■ **Problem**
Pictures stay out; everything else in the entries below is to be duplicated exactly.

◇ ◇ ◇ ◇ ◇

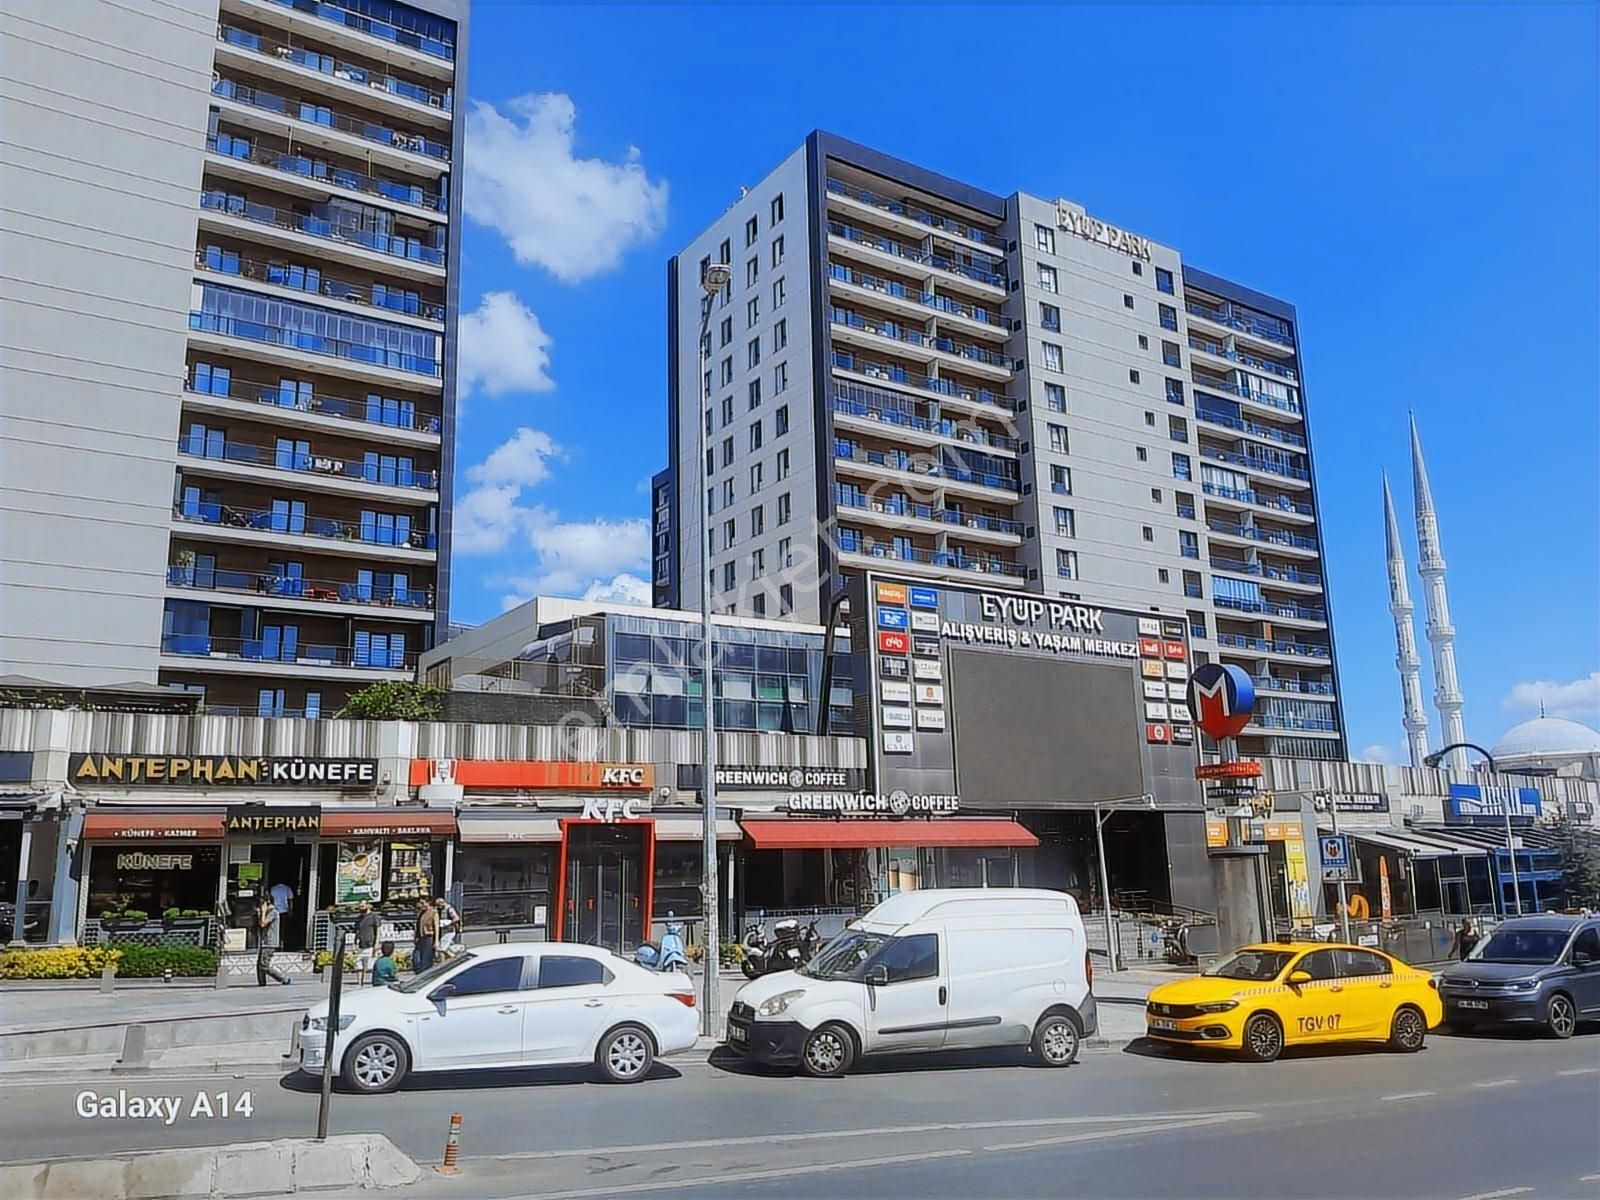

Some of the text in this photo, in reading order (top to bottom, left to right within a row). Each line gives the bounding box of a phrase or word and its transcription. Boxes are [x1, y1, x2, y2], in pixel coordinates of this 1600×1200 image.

[1107, 226, 1151, 261] PARK
[1050, 602, 1103, 631] PARK
[942, 621, 1017, 648] ALIŞVERİŞ
[1021, 631, 1031, 645] &
[1035, 633, 1081, 654] YAŞAM
[76, 755, 372, 784] ANTEPHAN KÜNEFE
[602, 768, 644, 783] KFC
[715, 769, 846, 786] REENWICH COFFEE
[580, 798, 641, 820] KFC
[788, 794, 959, 811] GREENWICH COFFEE
[121, 828, 155, 838] KÜNEFE
[229, 816, 319, 831] ANTEPHAN
[117, 852, 193, 870] KÜNEFE
[1297, 1013, 1342, 1033] TGV 07
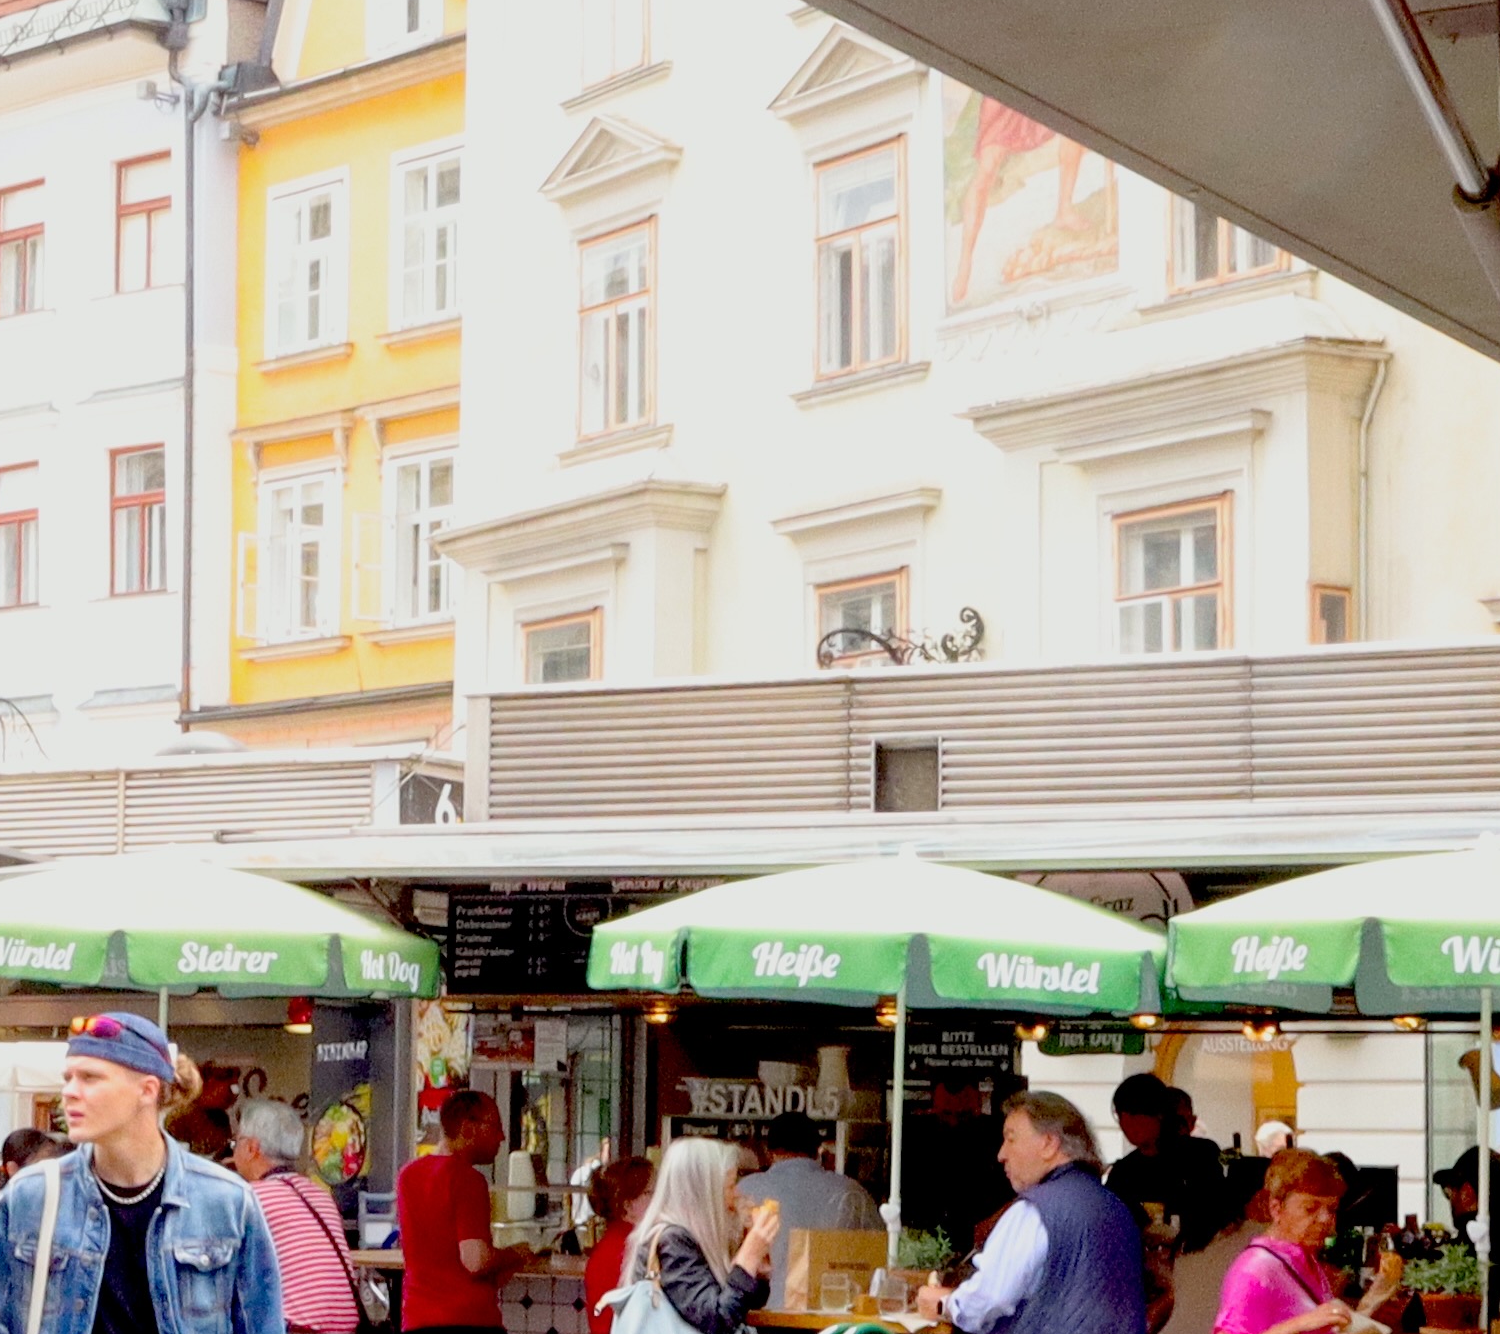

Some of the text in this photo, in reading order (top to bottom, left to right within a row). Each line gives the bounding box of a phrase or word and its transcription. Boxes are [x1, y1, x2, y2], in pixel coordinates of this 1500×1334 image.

[434, 782, 457, 825] 6
[177, 940, 279, 974] Steirer
[359, 949, 385, 981] Hot
[387, 951, 420, 993] Dog
[751, 941, 842, 988] Heiße
[976, 952, 1101, 994] Würstel
[1230, 935, 1309, 981] Heiße
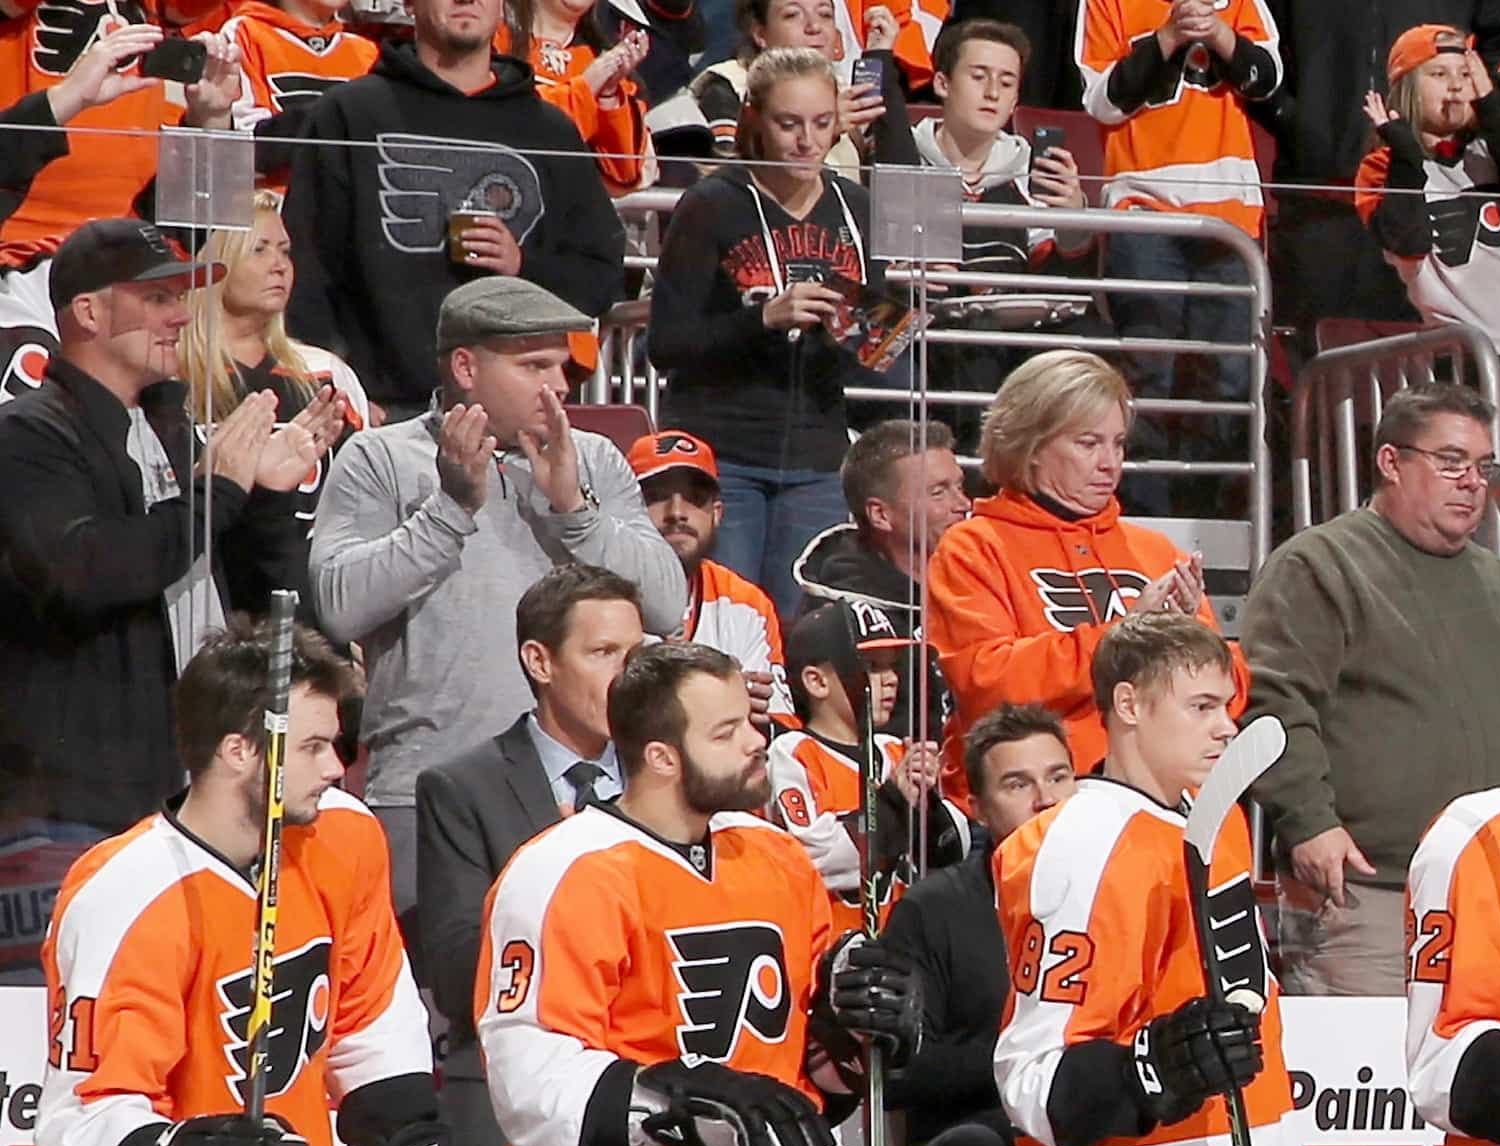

◇ ◇ ◇ ◇ ◇

■ **Answer section**
Some of the text in this photo, in reading order (top to bottom, left to right within a row). Each line gives the bounding box of a phrase or word and its transcription. Boxes are [x1, y1, x2, y2], in pixel coordinates of this 1600×1200 image.

[1107, 226, 1151, 261] PARK
[1050, 602, 1103, 631] PARK
[942, 621, 1017, 648] ALIŞVERİŞ
[1021, 631, 1031, 645] &
[1035, 633, 1081, 654] YAŞAM
[76, 755, 372, 784] ANTEPHAN KÜNEFE
[602, 768, 644, 783] KFC
[715, 769, 846, 786] REENWICH COFFEE
[580, 798, 641, 820] KFC
[788, 794, 959, 811] GREENWICH COFFEE
[121, 828, 155, 838] KÜNEFE
[229, 816, 319, 831] ANTEPHAN
[117, 852, 193, 870] KÜNEFE
[1297, 1013, 1342, 1033] TGV 07

Some of the text in this photo, in reading order (top to bottom, left to right within a row). Each line gives the bounding box of a phrase or word and its transcription. Boxes are [x1, y1, x2, y2], in pixel coordinates of this 1500×1334 image.

[434, 782, 457, 825] 6
[177, 940, 279, 974] Steirer
[359, 949, 385, 981] Hot
[387, 951, 420, 993] Dog
[751, 941, 842, 988] Heiße
[976, 952, 1101, 994] Würstel
[1230, 935, 1309, 981] Heiße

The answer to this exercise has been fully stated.